> _GIVEN RECORDS_:

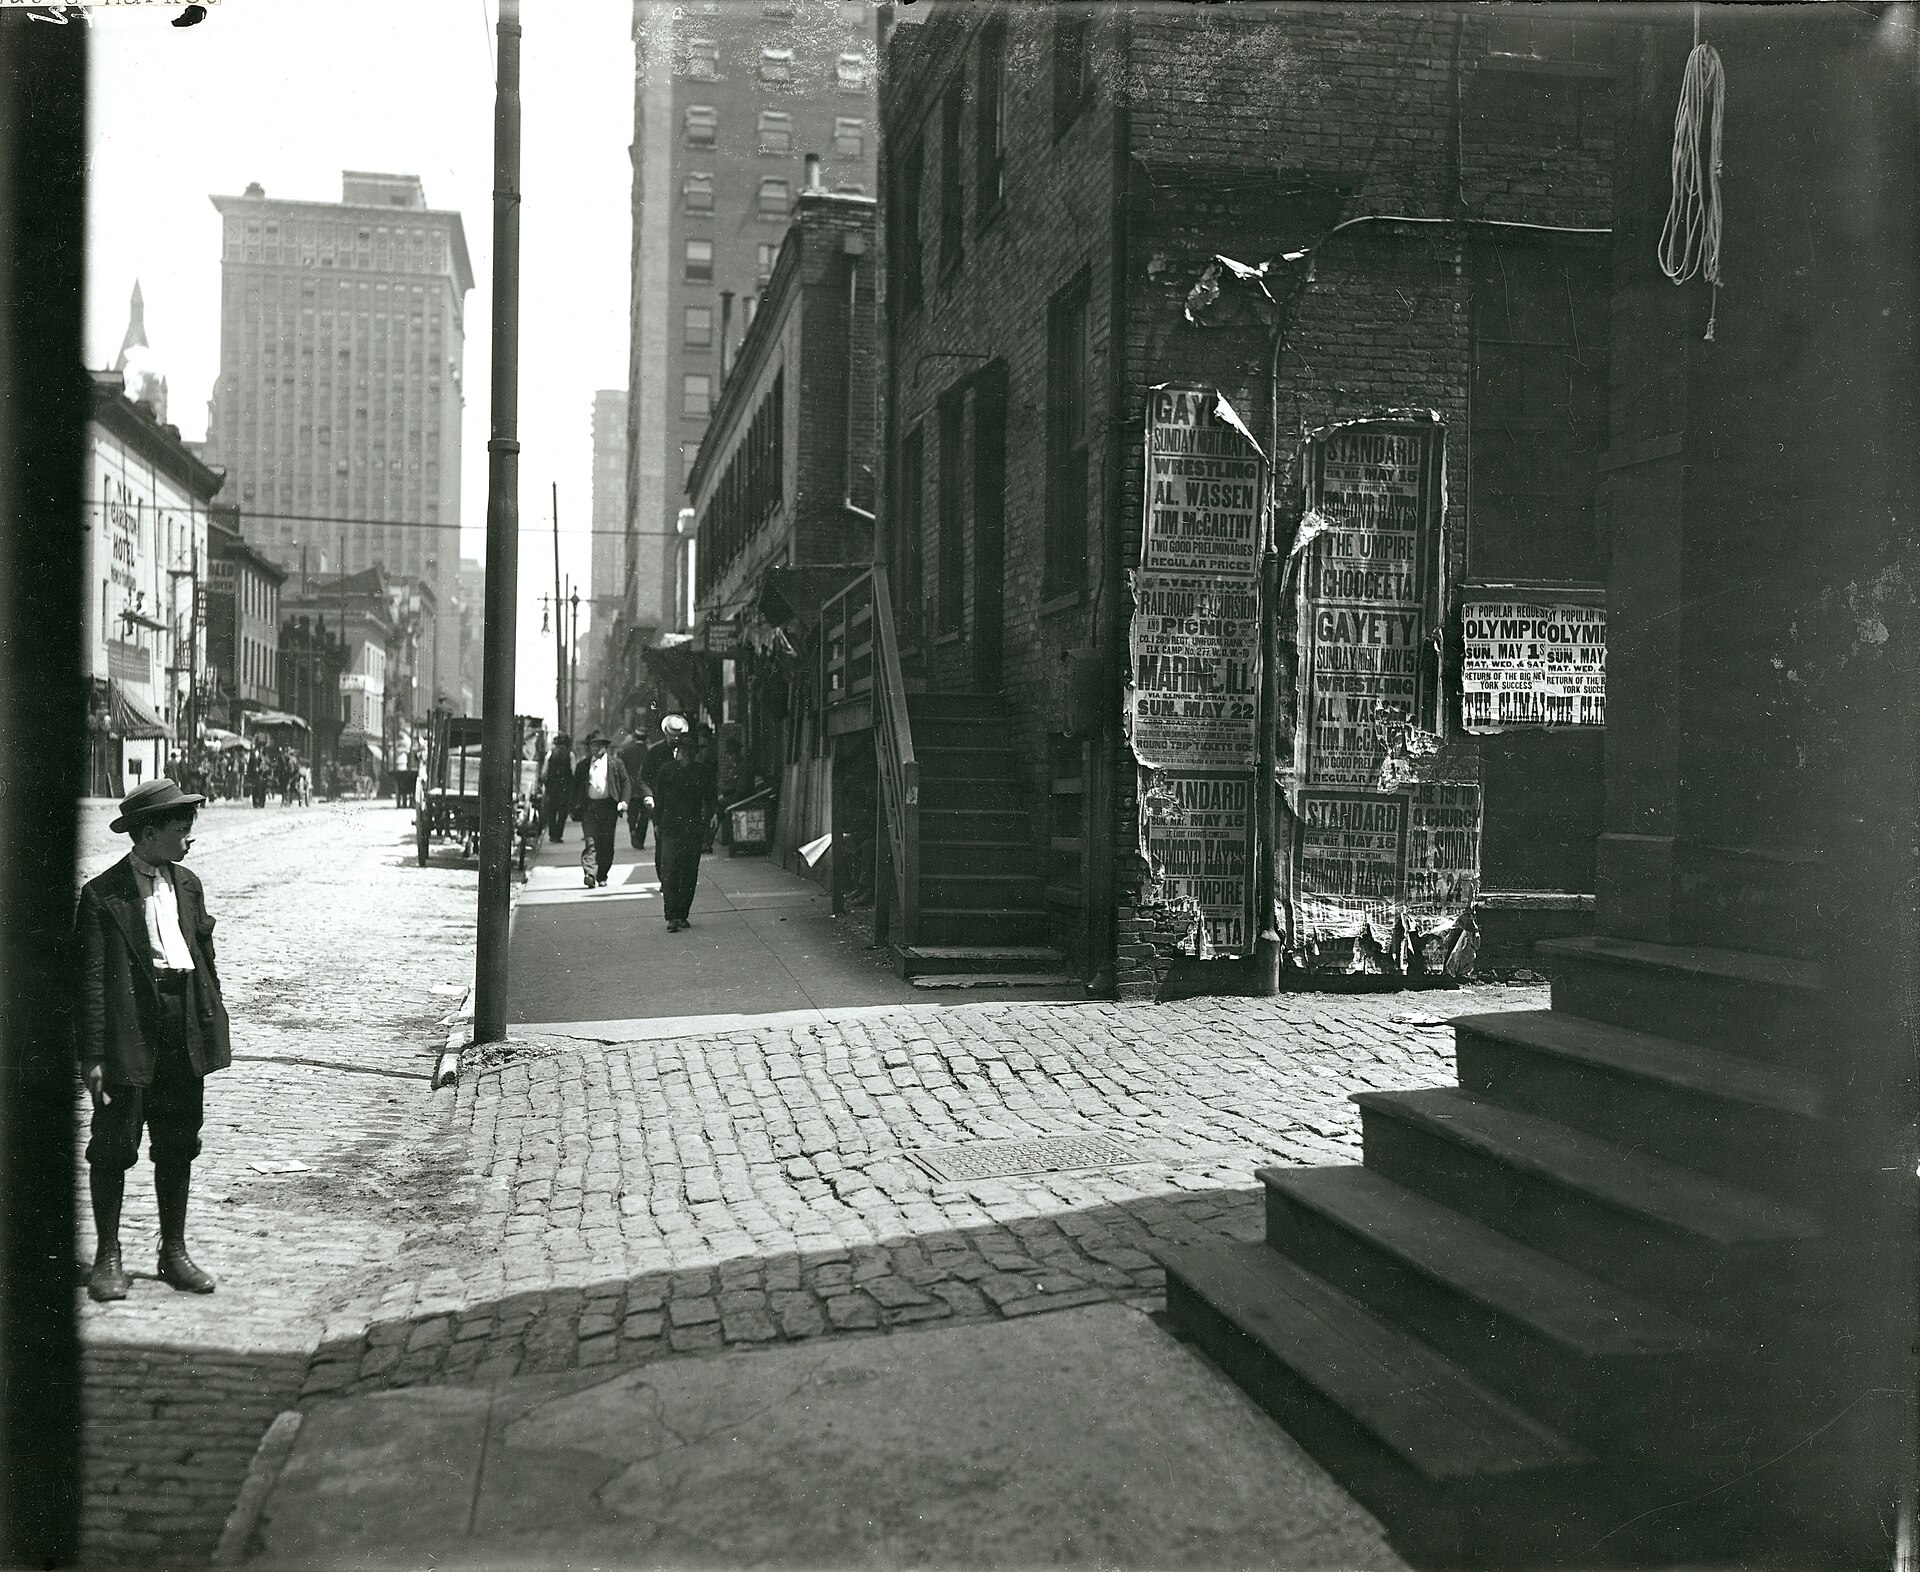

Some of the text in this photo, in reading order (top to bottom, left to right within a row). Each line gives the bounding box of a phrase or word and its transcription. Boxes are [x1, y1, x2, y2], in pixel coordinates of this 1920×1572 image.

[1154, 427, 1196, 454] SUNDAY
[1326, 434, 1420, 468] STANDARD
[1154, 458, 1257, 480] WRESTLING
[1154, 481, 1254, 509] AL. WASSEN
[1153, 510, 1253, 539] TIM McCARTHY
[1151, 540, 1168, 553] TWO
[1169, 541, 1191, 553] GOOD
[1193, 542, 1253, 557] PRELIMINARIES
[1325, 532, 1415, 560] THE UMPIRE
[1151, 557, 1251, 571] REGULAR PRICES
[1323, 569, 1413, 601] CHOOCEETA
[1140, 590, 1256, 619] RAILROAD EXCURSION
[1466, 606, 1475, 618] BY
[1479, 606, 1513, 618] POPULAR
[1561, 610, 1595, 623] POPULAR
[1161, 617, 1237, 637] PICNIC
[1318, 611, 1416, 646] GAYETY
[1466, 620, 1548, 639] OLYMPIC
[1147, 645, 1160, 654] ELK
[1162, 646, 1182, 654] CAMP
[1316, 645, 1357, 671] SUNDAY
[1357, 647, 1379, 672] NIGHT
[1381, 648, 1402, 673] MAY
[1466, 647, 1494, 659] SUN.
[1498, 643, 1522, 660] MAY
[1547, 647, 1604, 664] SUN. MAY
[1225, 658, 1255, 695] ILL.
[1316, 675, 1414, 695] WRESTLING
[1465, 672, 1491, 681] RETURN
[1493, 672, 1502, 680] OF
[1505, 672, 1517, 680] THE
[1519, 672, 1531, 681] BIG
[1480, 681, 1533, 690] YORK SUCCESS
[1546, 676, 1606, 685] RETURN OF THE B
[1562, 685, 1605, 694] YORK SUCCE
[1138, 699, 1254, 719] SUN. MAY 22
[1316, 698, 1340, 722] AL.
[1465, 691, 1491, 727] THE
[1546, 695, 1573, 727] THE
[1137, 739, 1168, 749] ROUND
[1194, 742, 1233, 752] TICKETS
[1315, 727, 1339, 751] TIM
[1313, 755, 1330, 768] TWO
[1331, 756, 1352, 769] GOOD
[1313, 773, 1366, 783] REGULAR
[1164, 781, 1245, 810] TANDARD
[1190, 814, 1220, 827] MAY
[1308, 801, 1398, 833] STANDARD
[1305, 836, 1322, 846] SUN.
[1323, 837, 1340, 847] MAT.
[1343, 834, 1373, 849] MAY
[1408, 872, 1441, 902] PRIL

> _WHAT YOU NEED TO DO_: In the lines above, locate the string "YORK". Copy every line where it occurs.

> _TASK OUTPUT_:
[1480, 681, 1533, 690] YORK SUCCESS
[1562, 685, 1605, 694] YORK SUCCE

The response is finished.